Mergers between community banks hit a record pace in 1994, with more small banks tying their futures to other small banks instead of the large regionals.

And observers predict that, while merger and acquisition activity between community banks will slacken in 1995, it won't decline nearly as much as will overall bank M&A activity.

"The big guys aren't buying as many of the smaller guys," said Reid Nagle, president of SNL Securities in Charlottesville, Va. "It's the small guys who are buying the small guys."

SNL counted 282 mergers between banks of less than $5 billion in assets during 1994, a 19% increase from 1993.

Community bank mergers accounted for more than half of all bank merger transactions in 1994. But while the amount of assets sold between community banks hit $23 billion in 1994 - a 10% increase - that was but one-10th of total banking assets sold.

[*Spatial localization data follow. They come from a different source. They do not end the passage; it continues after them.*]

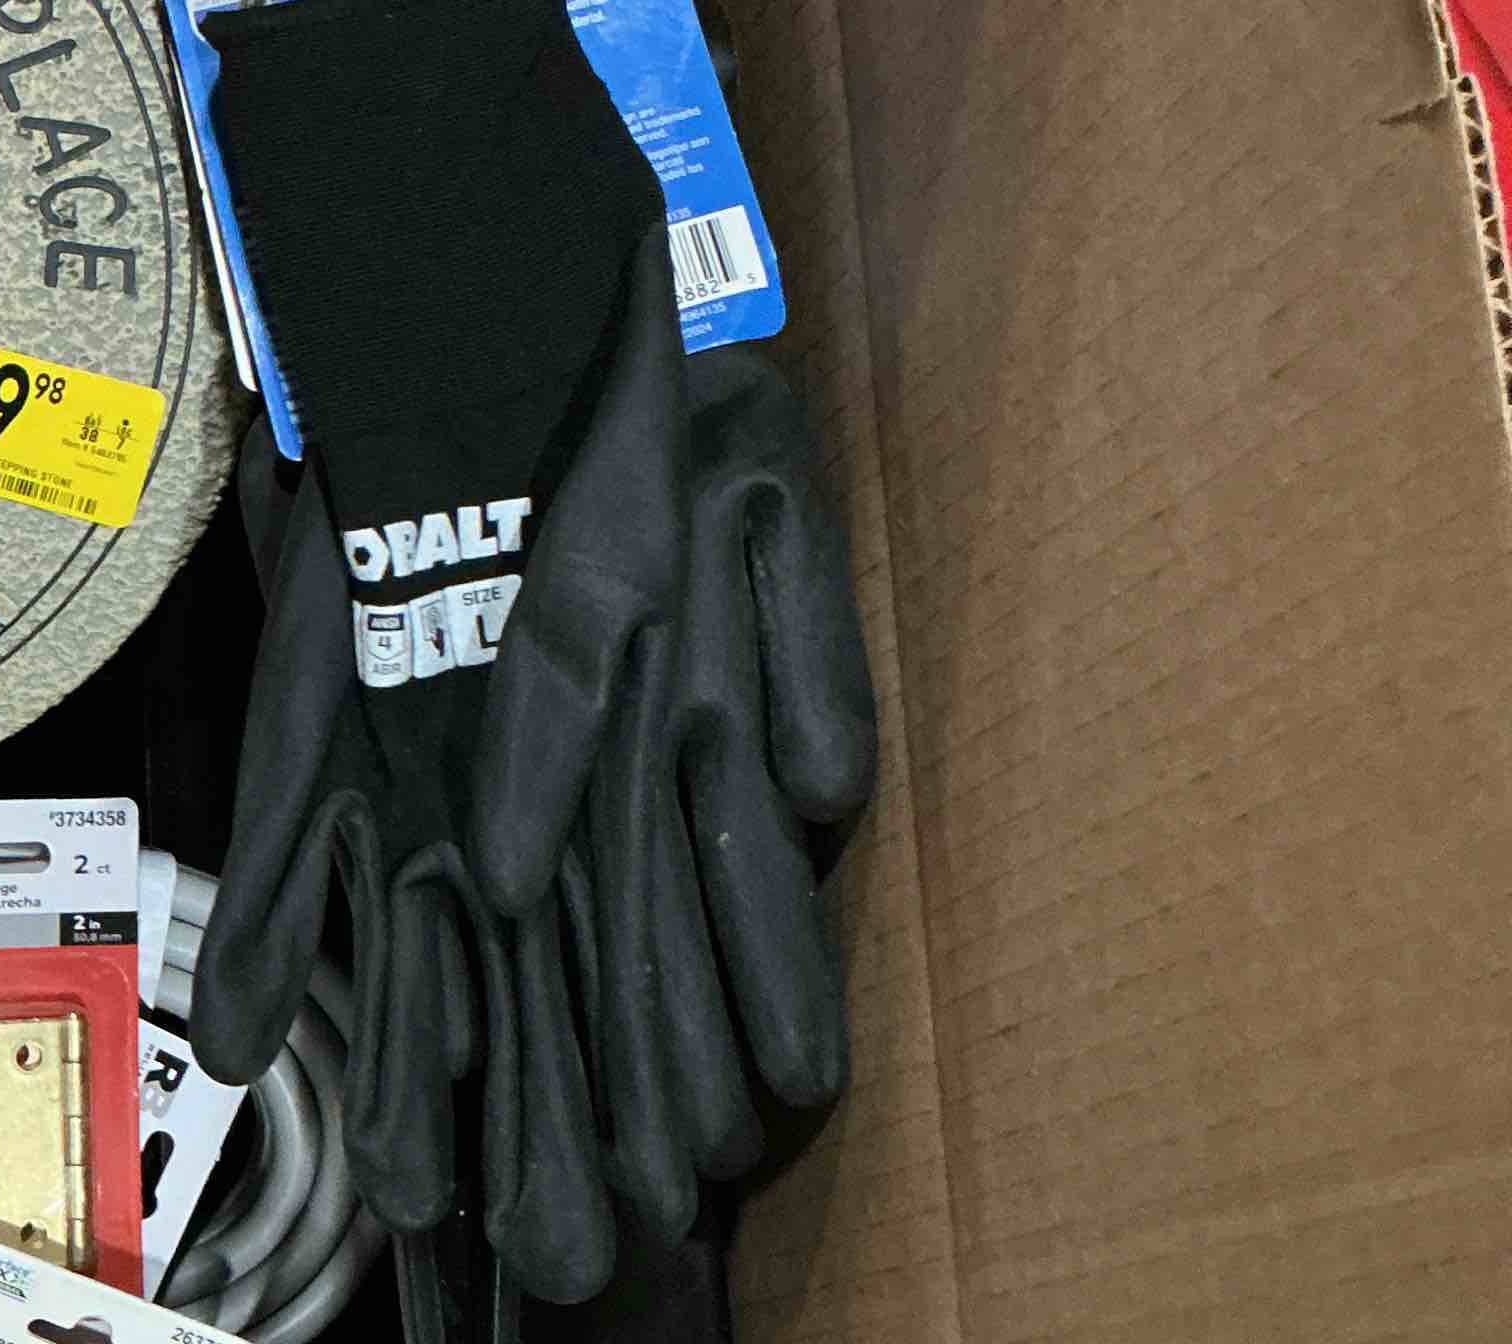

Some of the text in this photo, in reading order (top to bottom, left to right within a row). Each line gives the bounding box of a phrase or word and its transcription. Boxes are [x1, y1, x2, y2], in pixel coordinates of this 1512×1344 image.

[40, 469, 73, 489] STONE
[343, 496, 532, 583] OBALT
[461, 585, 504, 607] SIZE
[48, 810, 127, 828] #3734358
[73, 855, 89, 875] 2
[72, 914, 86, 930] 2
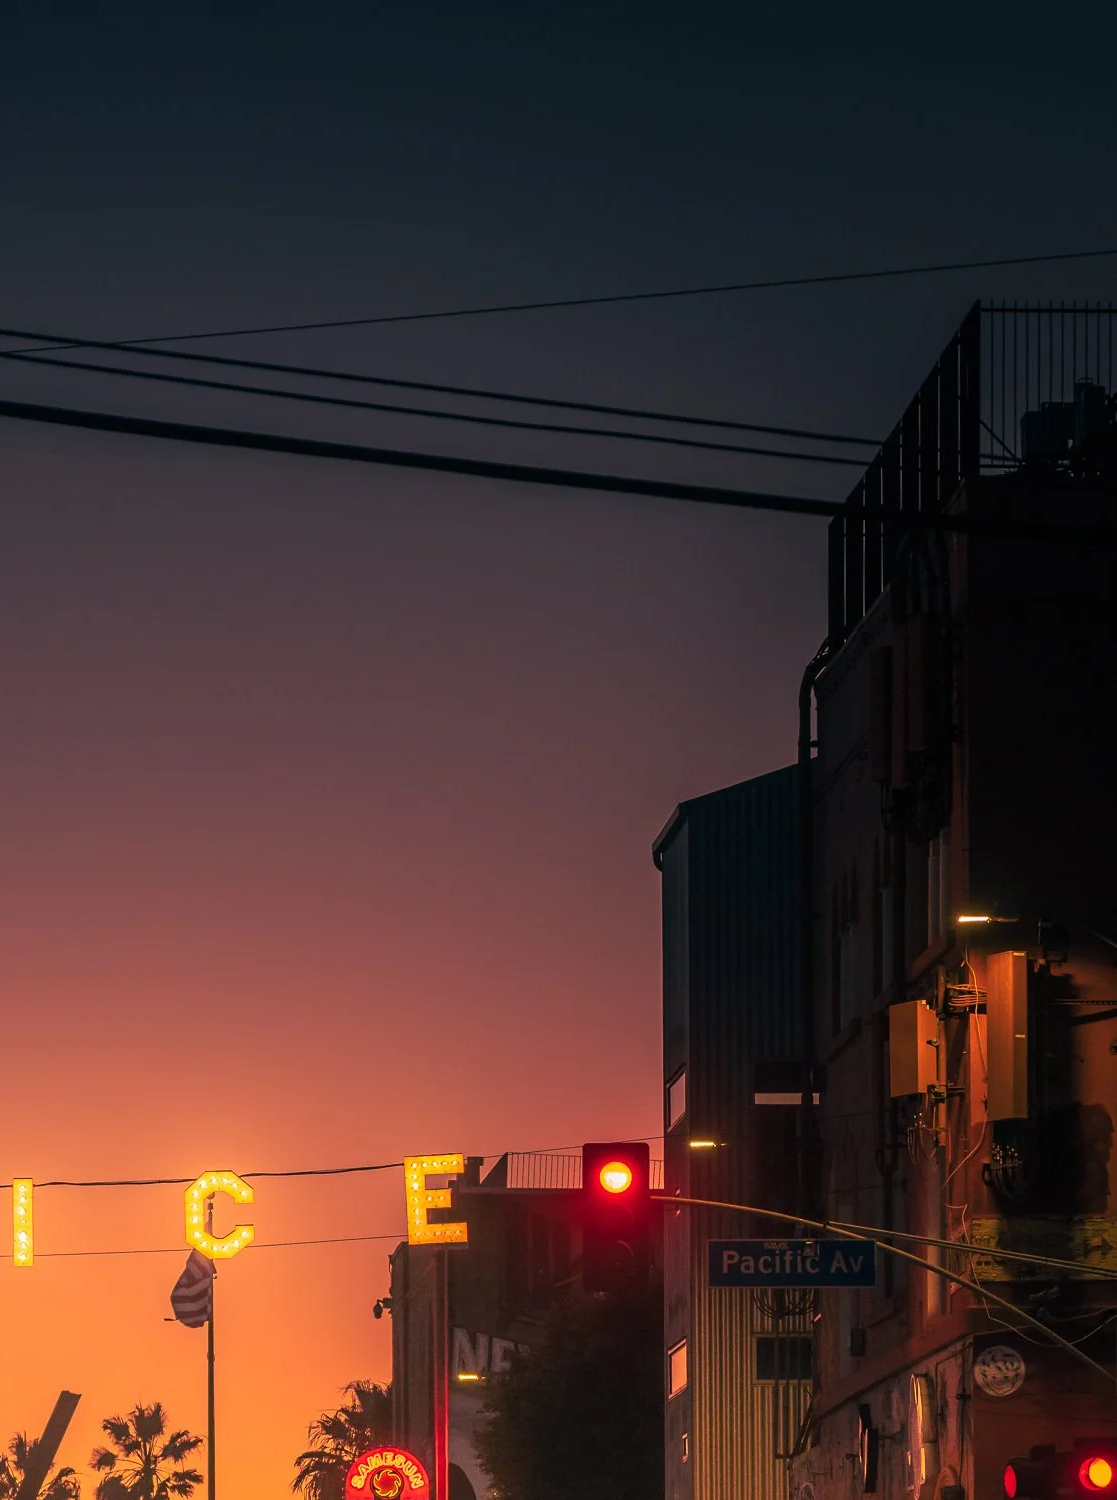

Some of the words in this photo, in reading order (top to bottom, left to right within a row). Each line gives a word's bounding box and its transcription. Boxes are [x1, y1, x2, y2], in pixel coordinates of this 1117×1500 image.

[722, 1250, 820, 1274] Pacific
[830, 1251, 864, 1274] Av
[351, 1452, 424, 1489] SAMESUN
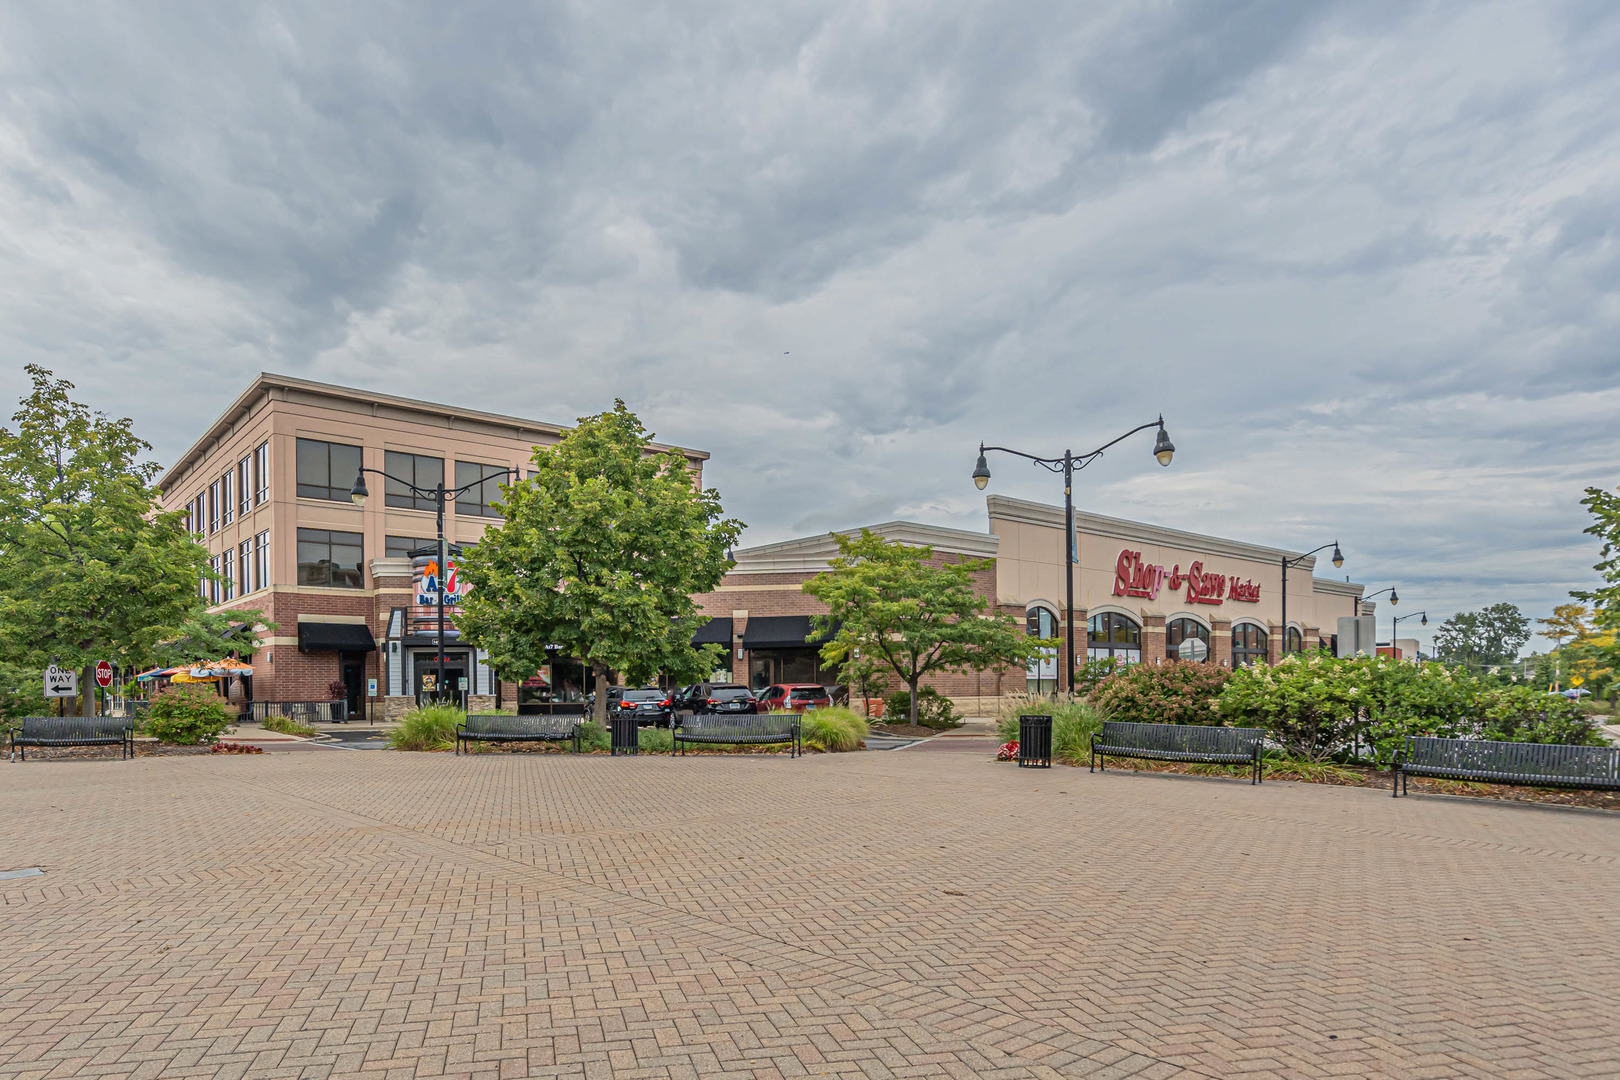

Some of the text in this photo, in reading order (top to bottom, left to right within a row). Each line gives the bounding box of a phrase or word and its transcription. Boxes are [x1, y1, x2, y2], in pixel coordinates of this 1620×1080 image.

[419, 594, 462, 605] Bar Gril
[49, 675, 72, 683] WAY
[97, 668, 111, 679] STOP
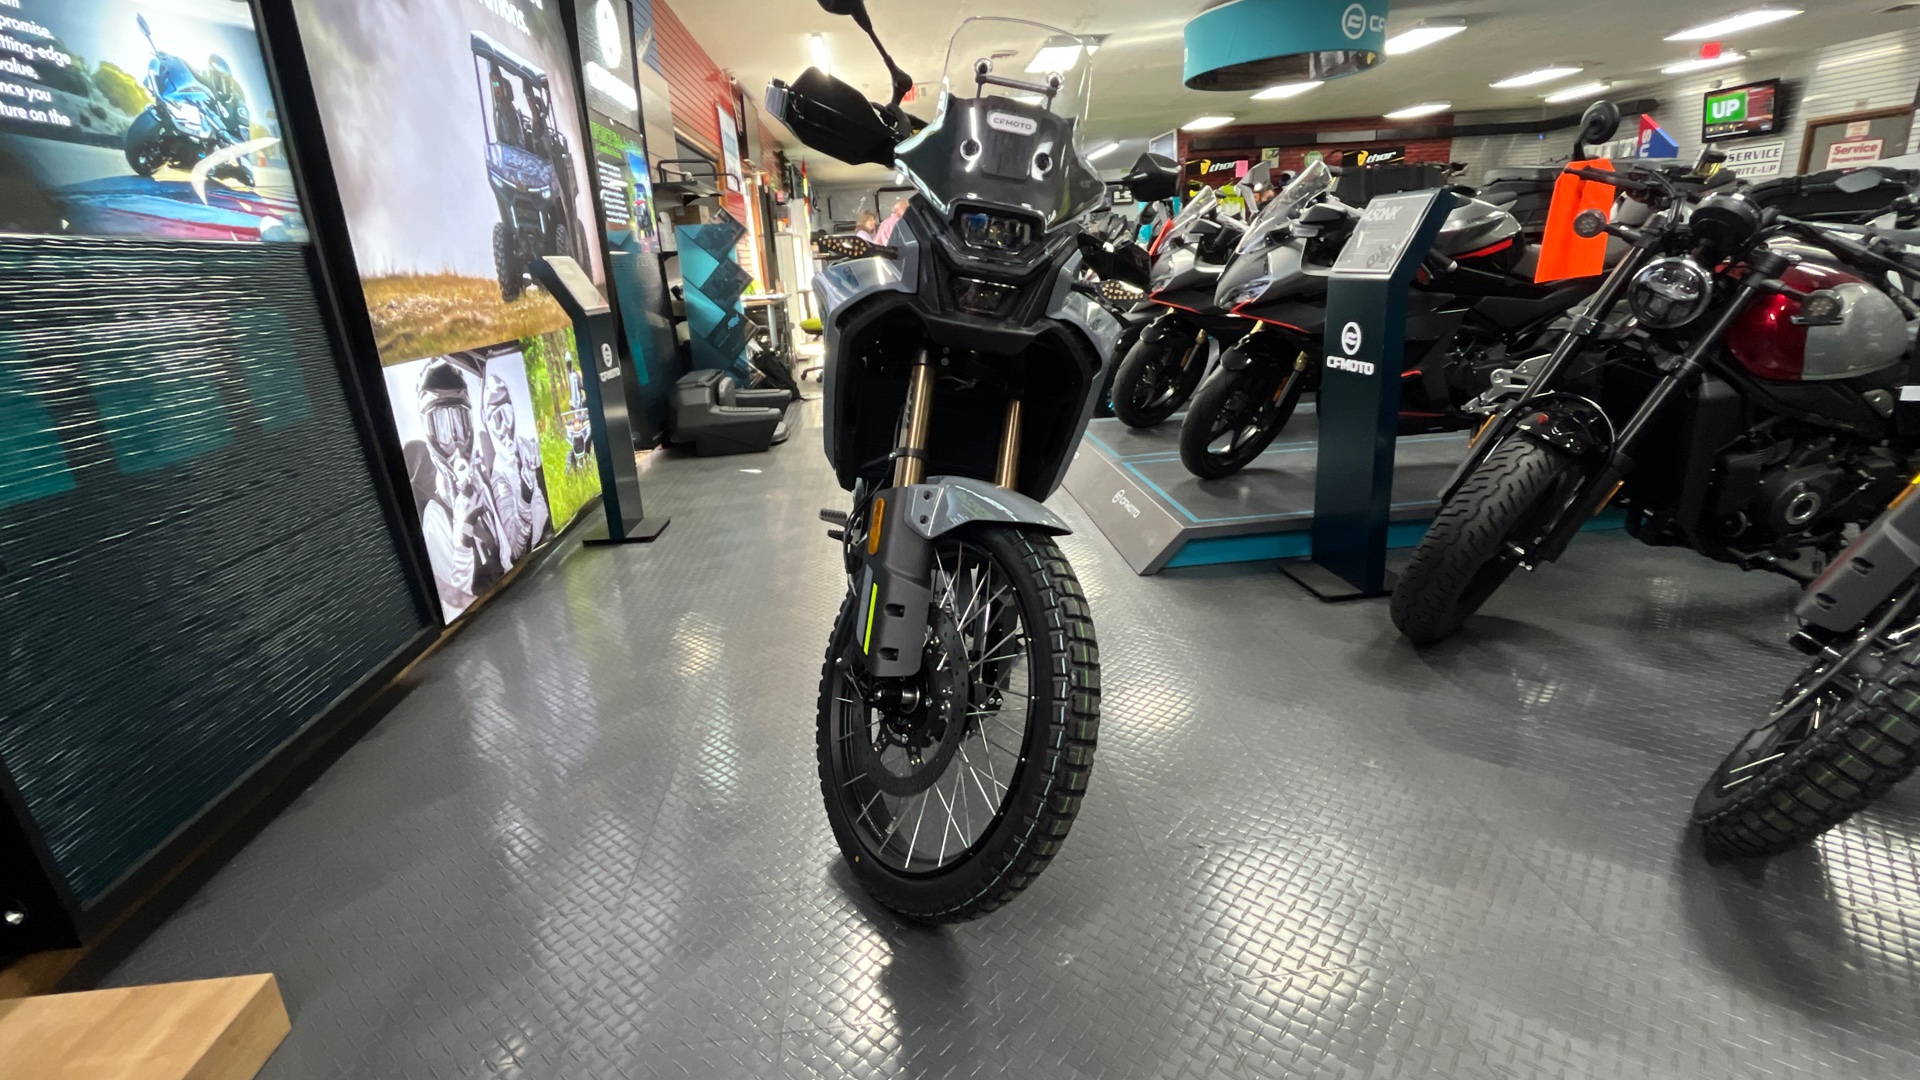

Not surprisingly, the states with the most community bank mergers were Illinois, Texas, and California. The central states, with unit banking still being flushed out of the system, is where most of the mergers took place in 1994 and will likely take place in 1995.

"We have some of the most arcane banking laws in the country; therefore, we have the most small banks in the country," said Joe Stievens, bank analyst at Stifel, Nicolaus & Co. in Chicago. "With the breakdown of these laws, you'll see more consolidation here than anywhere else in the country."

Texas led the country in community bank mergers, with 34 transactions in 1994. Illinois and California each had 23.

Mr. Nagle said more small banks are seeking other small banks for merger partners because larger banks, their stock prices taking a beating on Wall Street, are finding acquisitions increasingly dilutive.

"Most of the big bank-small bank transactions have become prohibitively expensive for the acquirer," he said. "Community bank transactions more often rely on personalities, circumstances, and events, not just pure economics."

Mr. Stievens predicted that 1995 would be another active year in the Midwest for community bank mergers but not at 1994's pace. "It's hard to say if 1995 will be as active because of stock prices," he said.

Mr. Nagle agreed but predicted that whatever drop there is in the number of community bank mergers will not be nearly as large as that for larger banks.

Only in Texas is merger activity between community banks expected to keep pace with 1994.

"I expect it to accelerate," said Bill Strunk, a bank consultant in Houston. "The same conditions that were driving mergers last year will continue to be the case in 1995 and for the next two or three years. Banks here are too small. They need to grow to absorb their rising costs and expenses."

He said that, stock prices notwithstanding, the interstate branching law will stimulate merger activity in Texas because the state is such a key battleground for the country's biggest banks.